#### Input

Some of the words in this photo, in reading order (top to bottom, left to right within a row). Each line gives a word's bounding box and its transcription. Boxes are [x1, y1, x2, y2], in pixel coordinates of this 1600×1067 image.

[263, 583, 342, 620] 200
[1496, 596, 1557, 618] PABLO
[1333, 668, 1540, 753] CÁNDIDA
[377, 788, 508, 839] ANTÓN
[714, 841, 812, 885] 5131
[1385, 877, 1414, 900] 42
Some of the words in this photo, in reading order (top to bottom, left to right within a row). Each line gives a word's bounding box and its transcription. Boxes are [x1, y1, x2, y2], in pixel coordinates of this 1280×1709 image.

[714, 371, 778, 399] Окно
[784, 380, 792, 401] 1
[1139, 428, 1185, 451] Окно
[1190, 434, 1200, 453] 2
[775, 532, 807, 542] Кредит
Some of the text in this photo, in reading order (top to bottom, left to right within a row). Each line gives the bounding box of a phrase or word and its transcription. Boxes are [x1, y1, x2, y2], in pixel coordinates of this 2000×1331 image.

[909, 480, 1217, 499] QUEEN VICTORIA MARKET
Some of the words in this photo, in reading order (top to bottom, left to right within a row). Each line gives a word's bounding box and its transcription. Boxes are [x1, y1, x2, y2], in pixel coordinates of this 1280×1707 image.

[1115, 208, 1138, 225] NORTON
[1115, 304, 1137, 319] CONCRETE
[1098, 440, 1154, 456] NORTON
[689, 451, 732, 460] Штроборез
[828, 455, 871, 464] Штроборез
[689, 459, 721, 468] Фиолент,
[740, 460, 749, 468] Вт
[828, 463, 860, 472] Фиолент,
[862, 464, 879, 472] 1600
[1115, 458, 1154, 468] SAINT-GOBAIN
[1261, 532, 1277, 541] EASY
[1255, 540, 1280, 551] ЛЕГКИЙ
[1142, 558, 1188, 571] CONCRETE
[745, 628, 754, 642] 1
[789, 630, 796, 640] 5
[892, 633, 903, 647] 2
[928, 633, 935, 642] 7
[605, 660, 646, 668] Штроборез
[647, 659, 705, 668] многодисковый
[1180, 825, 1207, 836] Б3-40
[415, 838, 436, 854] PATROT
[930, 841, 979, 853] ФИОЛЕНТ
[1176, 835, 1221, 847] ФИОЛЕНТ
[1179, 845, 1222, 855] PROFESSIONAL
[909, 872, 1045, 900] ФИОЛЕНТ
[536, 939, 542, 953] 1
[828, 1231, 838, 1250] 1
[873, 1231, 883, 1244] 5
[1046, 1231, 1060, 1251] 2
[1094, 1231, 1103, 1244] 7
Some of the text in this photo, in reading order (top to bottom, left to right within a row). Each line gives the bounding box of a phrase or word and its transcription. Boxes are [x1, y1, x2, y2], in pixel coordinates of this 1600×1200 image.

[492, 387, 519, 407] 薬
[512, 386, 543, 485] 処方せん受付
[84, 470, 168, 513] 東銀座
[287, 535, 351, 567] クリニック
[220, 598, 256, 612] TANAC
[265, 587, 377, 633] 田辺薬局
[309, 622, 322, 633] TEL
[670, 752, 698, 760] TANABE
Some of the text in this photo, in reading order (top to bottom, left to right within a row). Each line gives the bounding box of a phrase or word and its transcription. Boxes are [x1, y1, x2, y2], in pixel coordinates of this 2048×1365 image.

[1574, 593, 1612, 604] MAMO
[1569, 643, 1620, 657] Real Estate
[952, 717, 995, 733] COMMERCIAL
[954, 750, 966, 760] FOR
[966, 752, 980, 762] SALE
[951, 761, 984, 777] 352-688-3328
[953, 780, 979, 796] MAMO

########

Write the records out precisely, omitting nothing.

Some of the words in this photo, in reading order (top to bottom, left to right within a row). Each line gives a word's bounding box and its transcription. Boxes are [x1, y1, x2, y2], in pixel coordinates of this 1600×1067 image.

[263, 583, 342, 620] 200
[1496, 596, 1557, 618] PABLO
[1333, 668, 1540, 753] CÁNDIDA
[377, 788, 508, 839] ANTÓN
[714, 841, 812, 885] 5131
[1385, 877, 1414, 900] 42
Some of the words in this photo, in reading order (top to bottom, left to right within a row). Each line gives a word's bounding box and its transcription. Boxes are [x1, y1, x2, y2], in pixel coordinates of this 1280×1709 image.

[714, 371, 778, 399] Окно
[784, 380, 792, 401] 1
[1139, 428, 1185, 451] Окно
[1190, 434, 1200, 453] 2
[775, 532, 807, 542] Кредит
Some of the text in this photo, in reading order (top to bottom, left to right within a row). Each line gives the bounding box of a phrase or word and its transcription. Boxes are [x1, y1, x2, y2], in pixel coordinates of this 2000×1331 image.

[909, 480, 1217, 499] QUEEN VICTORIA MARKET
Some of the words in this photo, in reading order (top to bottom, left to right within a row). Each line gives a word's bounding box and its transcription. Boxes are [x1, y1, x2, y2], in pixel coordinates of this 1280×1707 image.

[1115, 208, 1138, 225] NORTON
[1115, 304, 1137, 319] CONCRETE
[1098, 440, 1154, 456] NORTON
[689, 451, 732, 460] Штроборез
[828, 455, 871, 464] Штроборез
[689, 459, 721, 468] Фиолент,
[740, 460, 749, 468] Вт
[828, 463, 860, 472] Фиолент,
[862, 464, 879, 472] 1600
[1115, 458, 1154, 468] SAINT-GOBAIN
[1261, 532, 1277, 541] EASY
[1255, 540, 1280, 551] ЛЕГКИЙ
[1142, 558, 1188, 571] CONCRETE
[745, 628, 754, 642] 1
[789, 630, 796, 640] 5
[892, 633, 903, 647] 2
[928, 633, 935, 642] 7
[605, 660, 646, 668] Штроборез
[647, 659, 705, 668] многодисковый
[1180, 825, 1207, 836] Б3-40
[415, 838, 436, 854] PATROT
[930, 841, 979, 853] ФИОЛЕНТ
[1176, 835, 1221, 847] ФИОЛЕНТ
[1179, 845, 1222, 855] PROFESSIONAL
[909, 872, 1045, 900] ФИОЛЕНТ
[536, 939, 542, 953] 1
[828, 1231, 838, 1250] 1
[873, 1231, 883, 1244] 5
[1046, 1231, 1060, 1251] 2
[1094, 1231, 1103, 1244] 7
Some of the text in this photo, in reading order (top to bottom, left to right within a row). Each line gives the bounding box of a phrase or word and its transcription. Boxes are [x1, y1, x2, y2], in pixel coordinates of this 1600×1200 image.

[492, 387, 519, 407] 薬
[512, 386, 543, 485] 処方せん受付
[84, 470, 168, 513] 東銀座
[287, 535, 351, 567] クリニック
[220, 598, 256, 612] TANAC
[265, 587, 377, 633] 田辺薬局
[309, 622, 322, 633] TEL
[670, 752, 698, 760] TANABE
Some of the text in this photo, in reading order (top to bottom, left to right within a row). Each line gives the bounding box of a phrase or word and its transcription. Boxes are [x1, y1, x2, y2], in pixel coordinates of this 2048×1365 image.

[1574, 593, 1612, 604] MAMO
[1569, 643, 1620, 657] Real Estate
[952, 717, 995, 733] COMMERCIAL
[954, 750, 966, 760] FOR
[966, 752, 980, 762] SALE
[951, 761, 984, 777] 352-688-3328
[953, 780, 979, 796] MAMO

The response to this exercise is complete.